▸ Problem: Beginning with the line where "this 1920×1439 image." appears, please restate each line of the records below word for word until the last one, inclusive, and nothing else.

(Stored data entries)
Segment Open
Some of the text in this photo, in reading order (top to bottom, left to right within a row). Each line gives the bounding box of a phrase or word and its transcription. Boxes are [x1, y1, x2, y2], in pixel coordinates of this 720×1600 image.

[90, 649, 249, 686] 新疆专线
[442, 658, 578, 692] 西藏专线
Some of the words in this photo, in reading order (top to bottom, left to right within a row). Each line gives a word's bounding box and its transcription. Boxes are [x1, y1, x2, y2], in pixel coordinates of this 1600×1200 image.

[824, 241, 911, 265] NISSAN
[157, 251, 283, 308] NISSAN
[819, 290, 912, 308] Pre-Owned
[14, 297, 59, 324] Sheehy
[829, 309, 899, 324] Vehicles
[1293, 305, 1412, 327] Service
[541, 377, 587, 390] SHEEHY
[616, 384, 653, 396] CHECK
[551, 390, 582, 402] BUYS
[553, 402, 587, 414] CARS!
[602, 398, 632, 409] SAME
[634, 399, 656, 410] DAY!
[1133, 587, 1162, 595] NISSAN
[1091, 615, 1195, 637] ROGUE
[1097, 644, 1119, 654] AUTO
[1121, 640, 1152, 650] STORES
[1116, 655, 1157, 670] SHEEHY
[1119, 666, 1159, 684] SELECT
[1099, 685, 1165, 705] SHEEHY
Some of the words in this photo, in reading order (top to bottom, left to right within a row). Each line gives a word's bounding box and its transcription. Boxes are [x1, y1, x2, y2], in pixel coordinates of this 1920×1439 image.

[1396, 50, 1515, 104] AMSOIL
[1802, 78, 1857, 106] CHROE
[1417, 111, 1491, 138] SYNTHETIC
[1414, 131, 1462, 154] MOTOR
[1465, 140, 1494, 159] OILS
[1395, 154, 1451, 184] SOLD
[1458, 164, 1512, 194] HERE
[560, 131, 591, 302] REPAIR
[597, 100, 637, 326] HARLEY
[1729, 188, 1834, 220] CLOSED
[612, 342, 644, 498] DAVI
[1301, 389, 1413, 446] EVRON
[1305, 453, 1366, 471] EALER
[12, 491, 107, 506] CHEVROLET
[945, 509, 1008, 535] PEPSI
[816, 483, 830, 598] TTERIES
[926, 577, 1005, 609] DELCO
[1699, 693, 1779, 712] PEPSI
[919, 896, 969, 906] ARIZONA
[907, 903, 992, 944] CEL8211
Segment Closed
▸ Exercise response:
Some of the words in this photo, in reading order (top to bottom, left to right within a row). Each line gives a word's bounding box and its transcription. Boxes are [x1, y1, x2, y2], in pixel coordinates of this 1920×1439 image.

[1396, 50, 1515, 104] AMSOIL
[1802, 78, 1857, 106] CHROE
[1417, 111, 1491, 138] SYNTHETIC
[1414, 131, 1462, 154] MOTOR
[1465, 140, 1494, 159] OILS
[1395, 154, 1451, 184] SOLD
[1458, 164, 1512, 194] HERE
[560, 131, 591, 302] REPAIR
[597, 100, 637, 326] HARLEY
[1729, 188, 1834, 220] CLOSED
[612, 342, 644, 498] DAVI
[1301, 389, 1413, 446] EVRON
[1305, 453, 1366, 471] EALER
[12, 491, 107, 506] CHEVROLET
[945, 509, 1008, 535] PEPSI
[816, 483, 830, 598] TTERIES
[926, 577, 1005, 609] DELCO
[1699, 693, 1779, 712] PEPSI
[919, 896, 969, 906] ARIZONA
[907, 903, 992, 944] CEL8211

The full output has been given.